╭─ Entries supplied
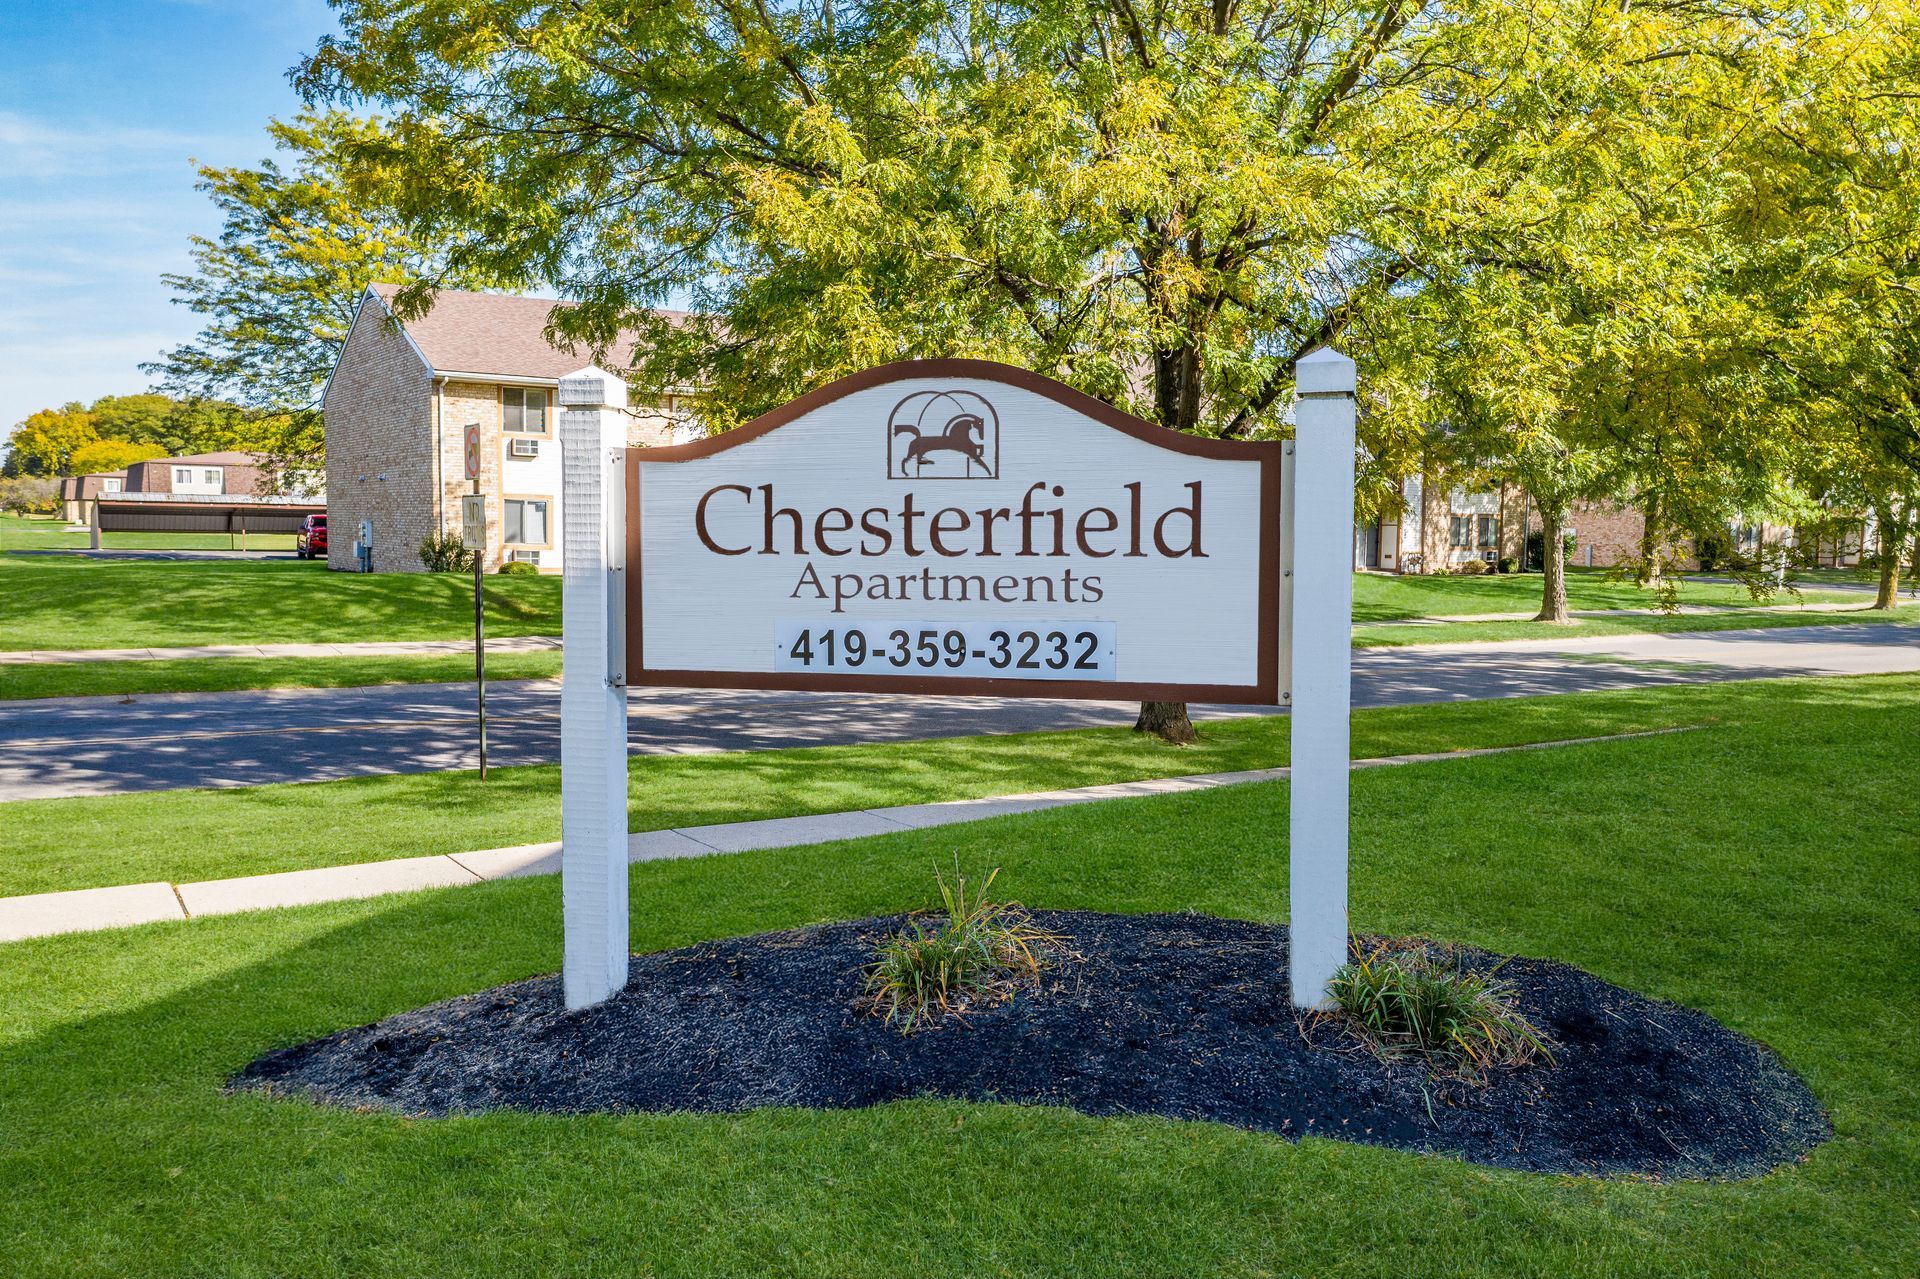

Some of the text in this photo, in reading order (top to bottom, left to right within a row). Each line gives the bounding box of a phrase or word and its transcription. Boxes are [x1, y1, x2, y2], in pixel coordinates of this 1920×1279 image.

[468, 502, 480, 522] NO
[695, 480, 1210, 559] Chesterfield
[464, 525, 485, 543] TRUS
[789, 561, 1104, 614] Apartments
[789, 629, 1100, 670] 419-359-3232
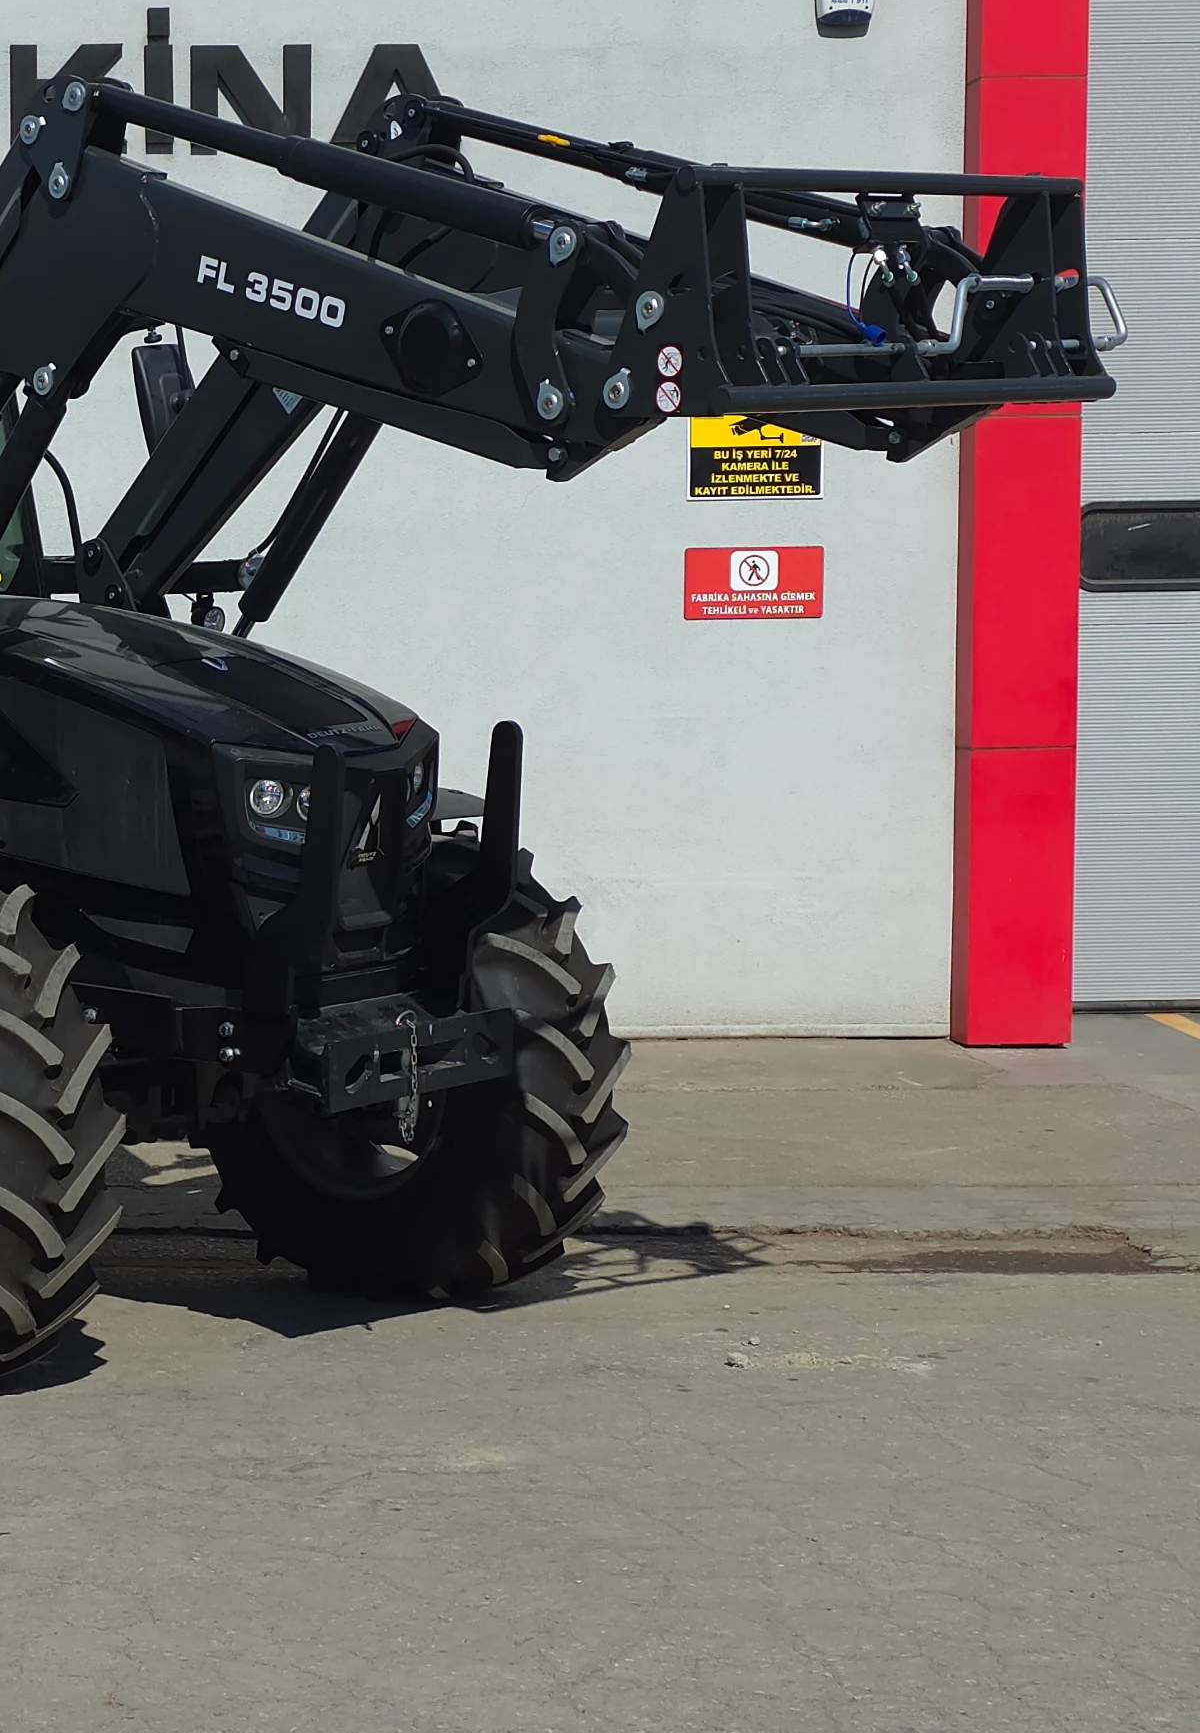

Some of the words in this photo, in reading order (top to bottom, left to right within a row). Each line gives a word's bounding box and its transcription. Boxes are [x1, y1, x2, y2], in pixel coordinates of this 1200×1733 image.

[197, 254, 235, 294] FL
[245, 271, 346, 328] 3500
[713, 450, 730, 460] BU
[732, 448, 743, 461] İŞ
[746, 448, 772, 459] YERİ
[774, 449, 798, 459] 7/24
[721, 461, 769, 471] KAMERA
[771, 459, 789, 471] İLE
[710, 472, 782, 484] İZLENMEKTE
[784, 473, 800, 483] VE
[694, 486, 729, 496] KAYIT
[691, 591, 730, 603] FABRİKA
[731, 592, 779, 601] SAHASINA
[780, 590, 816, 601] GİRMEK
[701, 604, 747, 615] TEHLİKELİ
[760, 605, 805, 615] YASAKTIR
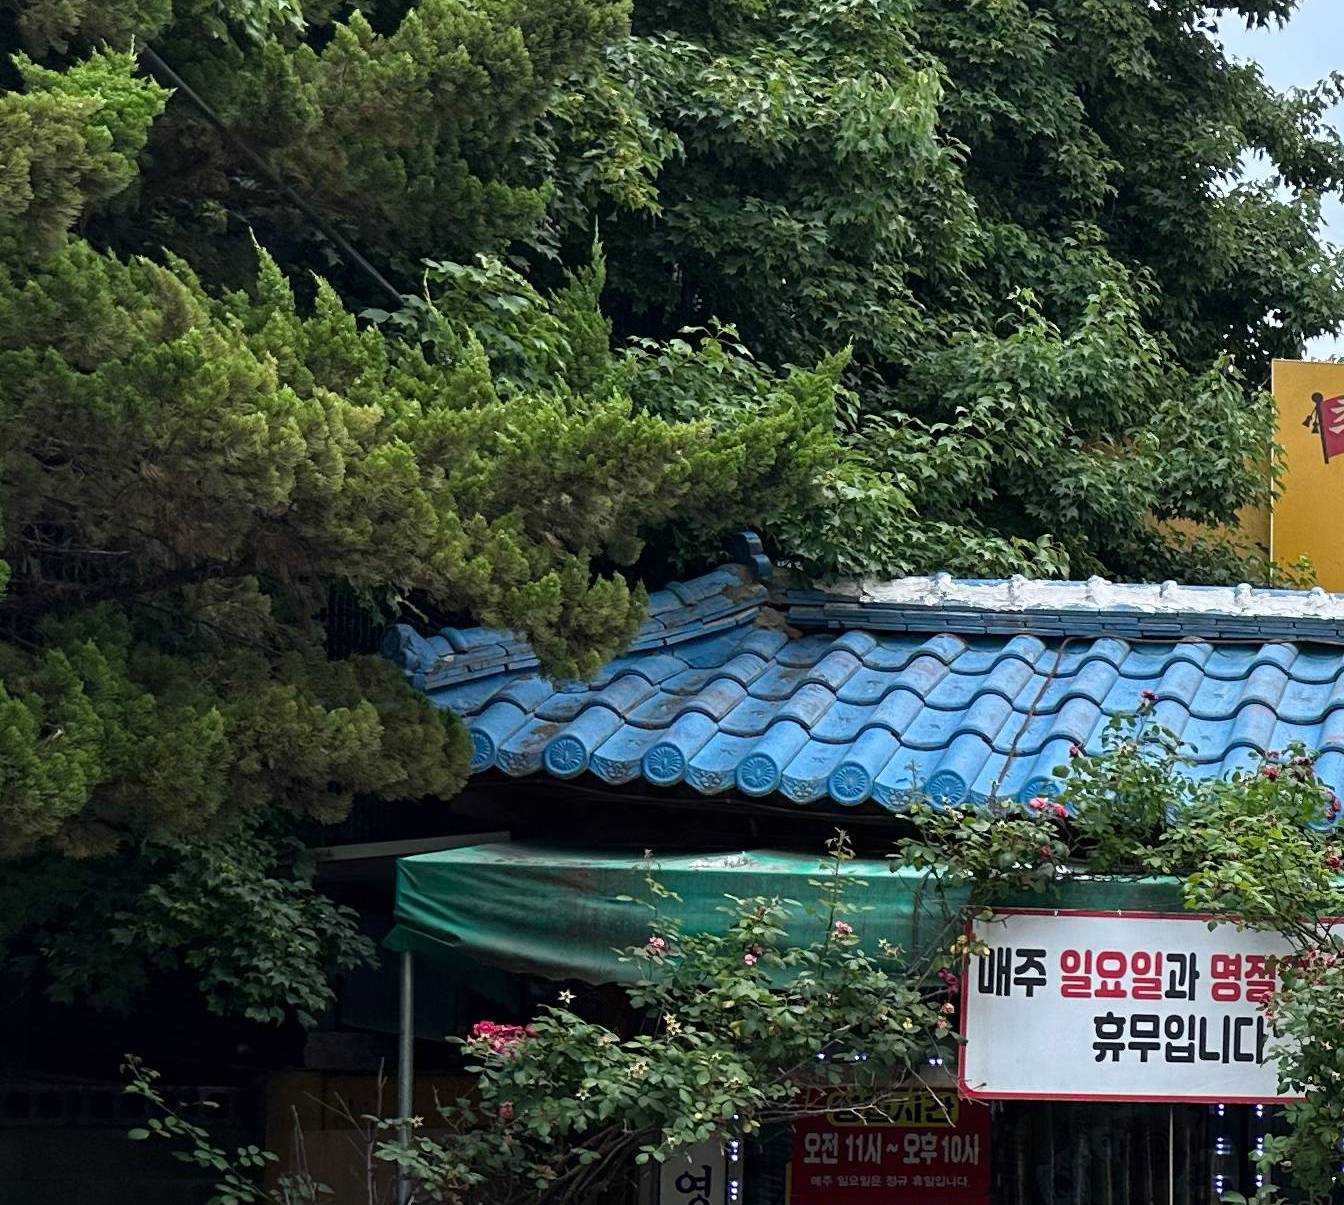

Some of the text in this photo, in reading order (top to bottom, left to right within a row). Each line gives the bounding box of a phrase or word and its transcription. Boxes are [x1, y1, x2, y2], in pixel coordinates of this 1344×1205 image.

[976, 946, 1047, 998] 매주
[1060, 949, 1200, 1001] 일요일과
[1092, 1011, 1266, 1064] 휴무입니다
[803, 1132, 839, 1165] 오전
[846, 1132, 882, 1165] 11시
[903, 1132, 938, 1165] 오후
[941, 1132, 980, 1165] 10시
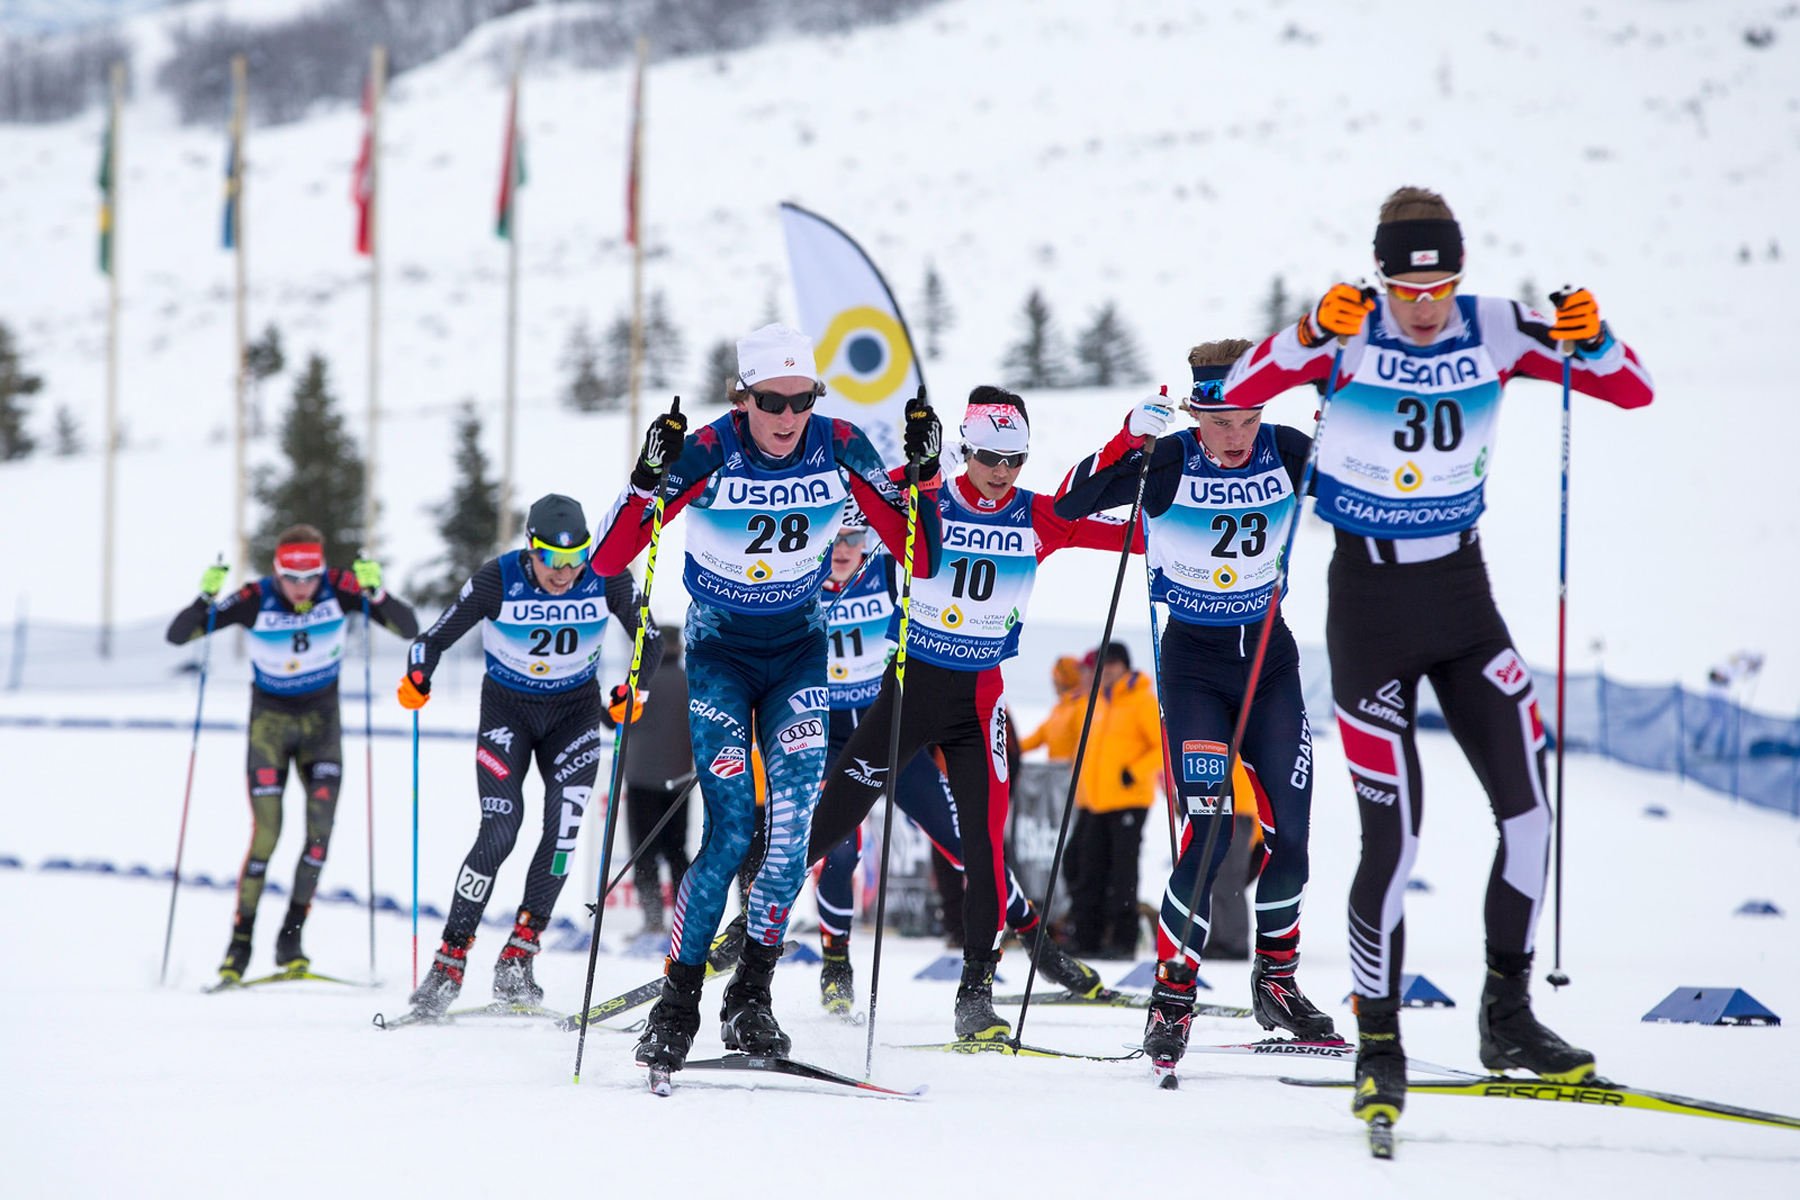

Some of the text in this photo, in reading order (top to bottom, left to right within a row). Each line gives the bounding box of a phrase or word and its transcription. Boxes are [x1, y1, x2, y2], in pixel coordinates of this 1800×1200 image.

[1377, 355, 1480, 387] USANA
[665, 418, 682, 431] TOKO
[909, 410, 927, 419] TOKO
[1394, 397, 1464, 452] 30
[668, 473, 683, 485] ean
[1190, 476, 1283, 504] USANA
[728, 480, 830, 506] USANA
[1132, 477, 1147, 523] MADSHUS
[745, 513, 810, 555] 28
[1211, 512, 1268, 559] 23
[701, 553, 742, 575] HOLLOW
[1171, 565, 1211, 580] HOLLOW
[1174, 560, 1210, 574] SOLDIER
[697, 566, 822, 603] CHAMPIONSHIP
[702, 570, 723, 583] USANA
[760, 584, 785, 592] JUNIOR
[950, 557, 996, 601] 10
[1166, 589, 1272, 614] CHAMPIONSH
[1172, 583, 1191, 596] USANA
[1201, 592, 1227, 600] NORDIC
[1228, 592, 1250, 600] JUNIOR
[513, 602, 597, 621] USANA
[829, 599, 883, 621] ANA
[909, 598, 939, 613] OLDIER
[910, 603, 938, 619] OLLOW
[292, 630, 310, 653] 8
[529, 627, 579, 657] 20
[829, 627, 863, 658] 11
[906, 629, 1000, 660] HAMPIONSHI
[929, 631, 952, 642] NORDIC
[952, 637, 974, 646] JUNIOR
[690, 698, 739, 729] CRAFT
[1358, 698, 1409, 729] Löffler
[565, 728, 600, 753] sport
[787, 742, 808, 752] Audi
[721, 748, 744, 756] US
[1290, 718, 1312, 790] CRAFT
[1187, 757, 1225, 776] 1881
[844, 768, 883, 788] MIZUNO
[1356, 782, 1398, 806] TRIA
[460, 872, 486, 899] 20
[1157, 990, 1194, 1001] MADSHUS
[589, 996, 627, 1019] FISCHE
[1358, 1031, 1396, 1041] CHER
[951, 1043, 1004, 1054] FISCHER
[1254, 1044, 1343, 1058] MADSHUS
[1484, 1086, 1626, 1107] FISCHER
╰─
Would you please retype all the data exactly? Leave out whatever pictures it holds.

* Solved exercise
Some of the text in this photo, in reading order (top to bottom, left to right within a row). Each line gives the bounding box of a phrase or word and its transcription. Boxes are [x1, y1, x2, y2], in pixel coordinates of this 1920×1279 image.

[468, 502, 480, 522] NO
[695, 480, 1210, 559] Chesterfield
[464, 525, 485, 543] TRUS
[789, 561, 1104, 614] Apartments
[789, 629, 1100, 670] 419-359-3232

Some of the words in this photo, in reading order (top to bottom, left to right within a row). Each line gives a word's bounding box and its transcription. Boxes are [x1, y1, x2, y2], in pixel coordinates of this 1200×1733 image.

[197, 254, 235, 294] FL
[245, 271, 346, 328] 3500
[713, 450, 730, 460] BU
[732, 448, 743, 461] İŞ
[746, 448, 772, 459] YERİ
[774, 449, 798, 459] 7/24
[721, 461, 769, 471] KAMERA
[771, 459, 789, 471] İLE
[710, 472, 782, 484] İZLENMEKTE
[784, 473, 800, 483] VE
[694, 486, 729, 496] KAYIT
[691, 591, 730, 603] FABRİKA
[731, 592, 779, 601] SAHASINA
[780, 590, 816, 601] GİRMEK
[701, 604, 747, 615] TEHLİKELİ
[760, 605, 805, 615] YASAKTIR

Some of the text in this photo, in reading order (top to bottom, left to right within a row). Each line gives the bounding box of a phrase or word and its transcription. Boxes are [x1, y1, x2, y2], in pixel coordinates of this 1344×1205 image.

[976, 946, 1047, 998] 매주
[1060, 949, 1200, 1001] 일요일과
[1092, 1011, 1266, 1064] 휴무입니다
[803, 1132, 839, 1165] 오전
[846, 1132, 882, 1165] 11시
[903, 1132, 938, 1165] 오후
[941, 1132, 980, 1165] 10시

Some of the text in this photo, in reading order (top to bottom, left to right within a row). Each line gives the bounding box of a phrase or word and its transcription. Boxes are [x1, y1, x2, y2], in pixel coordinates of this 1800×1200 image.

[1377, 355, 1480, 387] USANA
[665, 418, 682, 431] TOKO
[909, 410, 927, 419] TOKO
[1394, 397, 1464, 452] 30
[668, 473, 683, 485] ean
[1190, 476, 1283, 504] USANA
[728, 480, 830, 506] USANA
[1132, 477, 1147, 523] MADSHUS
[745, 513, 810, 555] 28
[1211, 512, 1268, 559] 23
[701, 553, 742, 575] HOLLOW
[1171, 565, 1211, 580] HOLLOW
[1174, 560, 1210, 574] SOLDIER
[697, 566, 822, 603] CHAMPIONSHIP
[702, 570, 723, 583] USANA
[760, 584, 785, 592] JUNIOR
[950, 557, 996, 601] 10
[1166, 589, 1272, 614] CHAMPIONSH
[1172, 583, 1191, 596] USANA
[1201, 592, 1227, 600] NORDIC
[1228, 592, 1250, 600] JUNIOR
[513, 602, 597, 621] USANA
[829, 599, 883, 621] ANA
[909, 598, 939, 613] OLDIER
[910, 603, 938, 619] OLLOW
[292, 630, 310, 653] 8
[529, 627, 579, 657] 20
[829, 627, 863, 658] 11
[906, 629, 1000, 660] HAMPIONSHI
[929, 631, 952, 642] NORDIC
[952, 637, 974, 646] JUNIOR
[690, 698, 739, 729] CRAFT
[1358, 698, 1409, 729] Löffler
[565, 728, 600, 753] sport
[787, 742, 808, 752] Audi
[721, 748, 744, 756] US
[1290, 718, 1312, 790] CRAFT
[1187, 757, 1225, 776] 1881
[844, 768, 883, 788] MIZUNO
[1356, 782, 1398, 806] TRIA
[460, 872, 486, 899] 20
[1157, 990, 1194, 1001] MADSHUS
[589, 996, 627, 1019] FISCHE
[1358, 1031, 1396, 1041] CHER
[951, 1043, 1004, 1054] FISCHER
[1254, 1044, 1343, 1058] MADSHUS
[1484, 1086, 1626, 1107] FISCHER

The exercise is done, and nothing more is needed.